[[ SOURCE INFORMATION open ]]

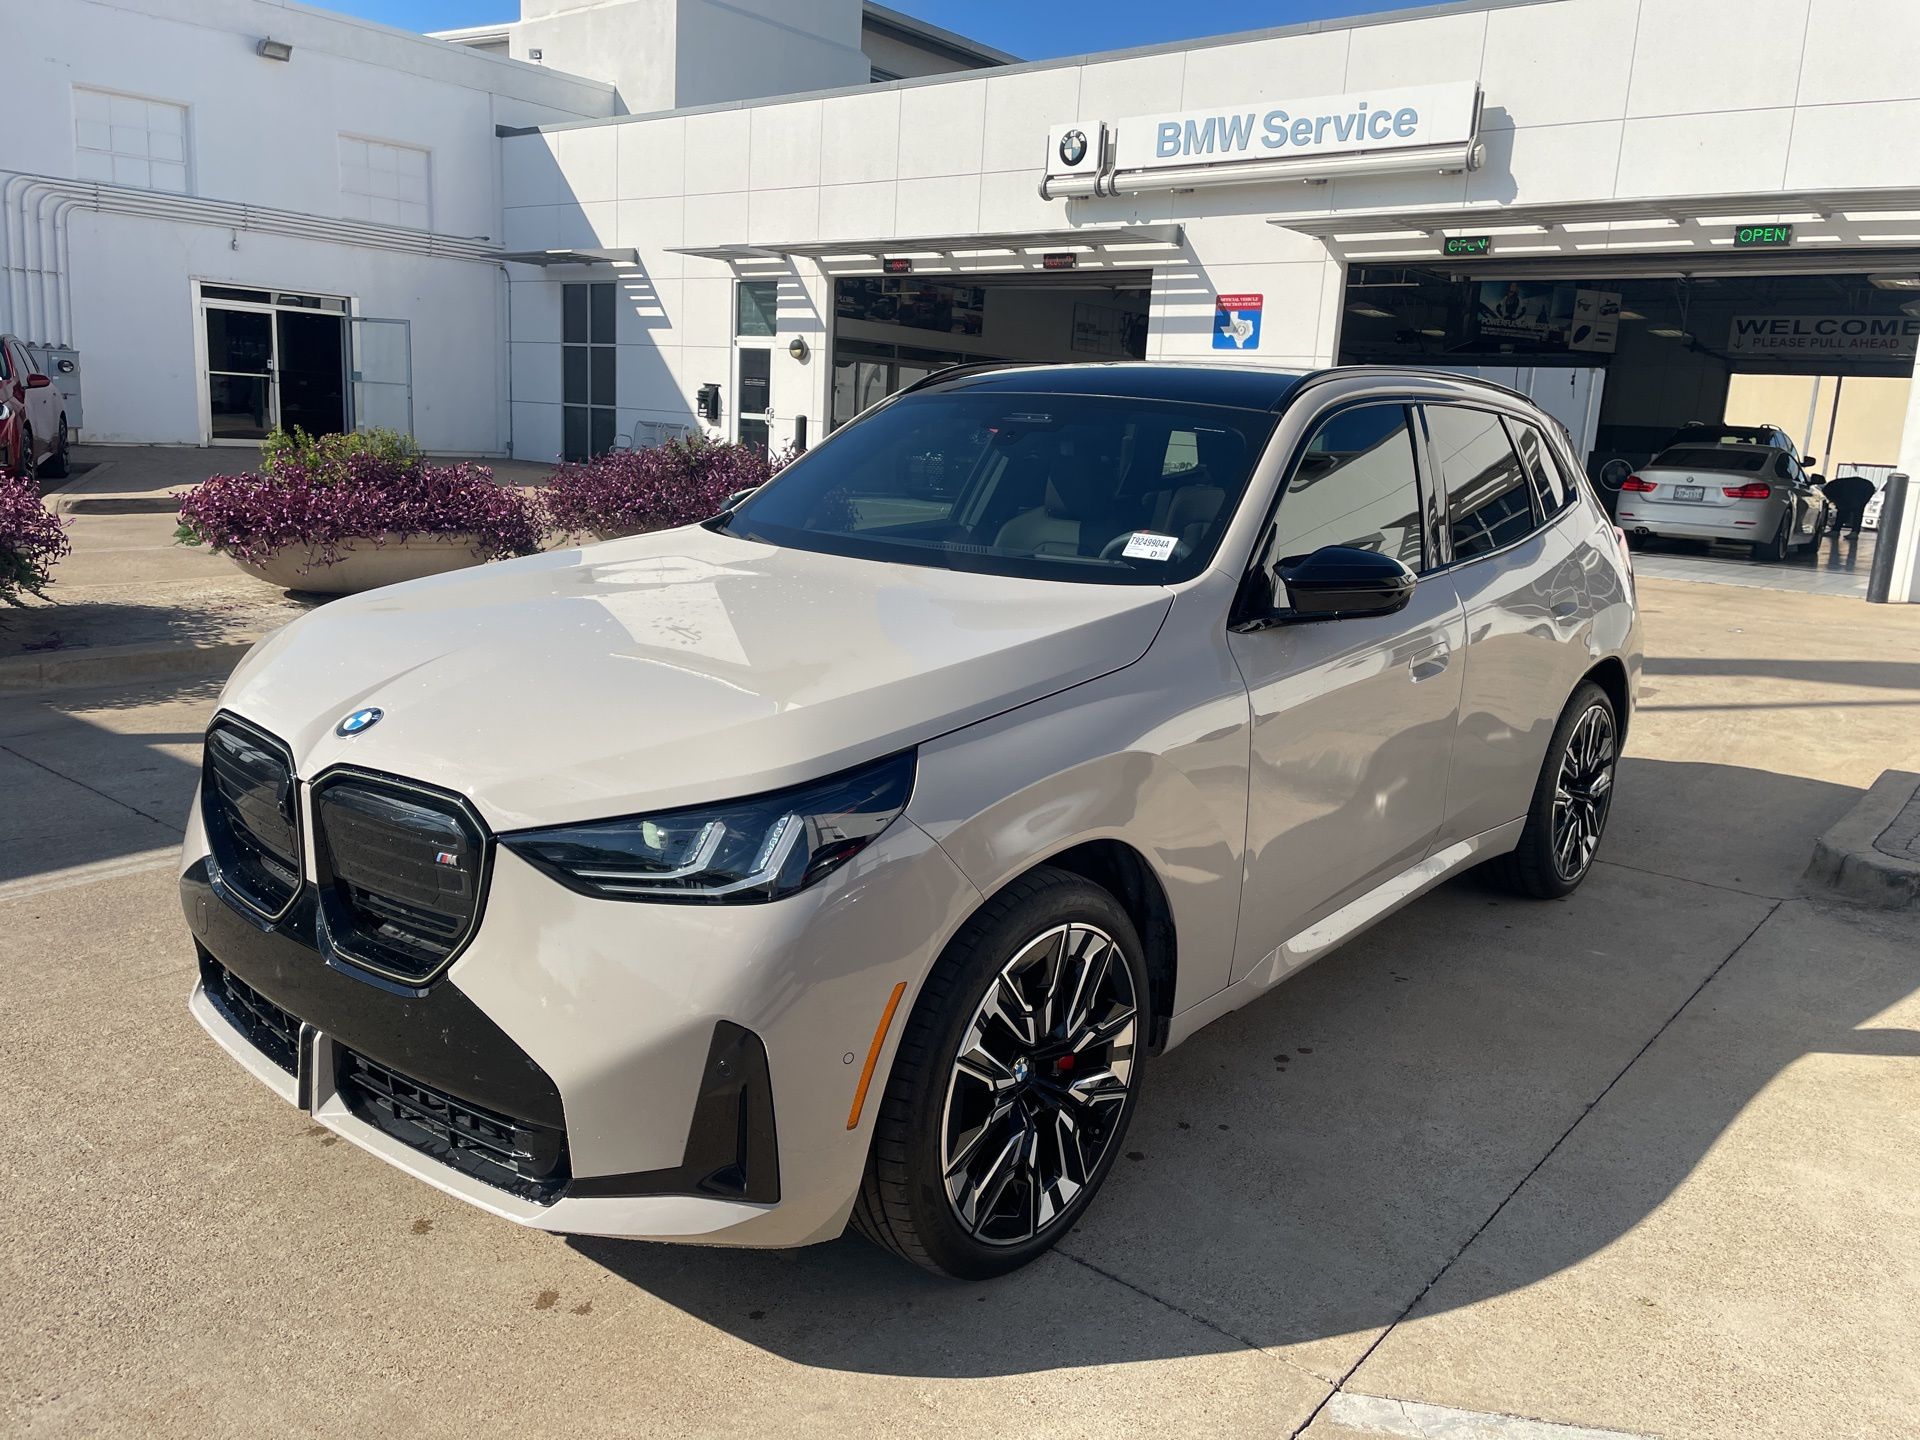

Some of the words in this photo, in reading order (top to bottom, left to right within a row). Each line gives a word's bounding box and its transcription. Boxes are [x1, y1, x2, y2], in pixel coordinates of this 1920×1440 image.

[1157, 114, 1256, 158] BMW
[1261, 102, 1418, 148] Service
[1740, 228, 1787, 242] OPEN
[1736, 319, 1920, 335] WELCOME
[1752, 338, 1806, 348] PLEASE
[1810, 338, 1845, 348] PULL
[1850, 338, 1900, 349] AHEAD

[[ SOURCE INFORMATION closed ]]

• **HOW TO COMPLETE THIS TASK**
Reproduce all entries exactly. Pictures do not belong in the copy.

• **TASK RESPONSE**
Some of the words in this photo, in reading order (top to bottom, left to right within a row). Each line gives a word's bounding box and its transcription. Boxes are [x1, y1, x2, y2], in pixel coordinates of this 1920×1440 image.

[1157, 114, 1256, 158] BMW
[1261, 102, 1418, 148] Service
[1740, 228, 1787, 242] OPEN
[1736, 319, 1920, 335] WELCOME
[1752, 338, 1806, 348] PLEASE
[1810, 338, 1845, 348] PULL
[1850, 338, 1900, 349] AHEAD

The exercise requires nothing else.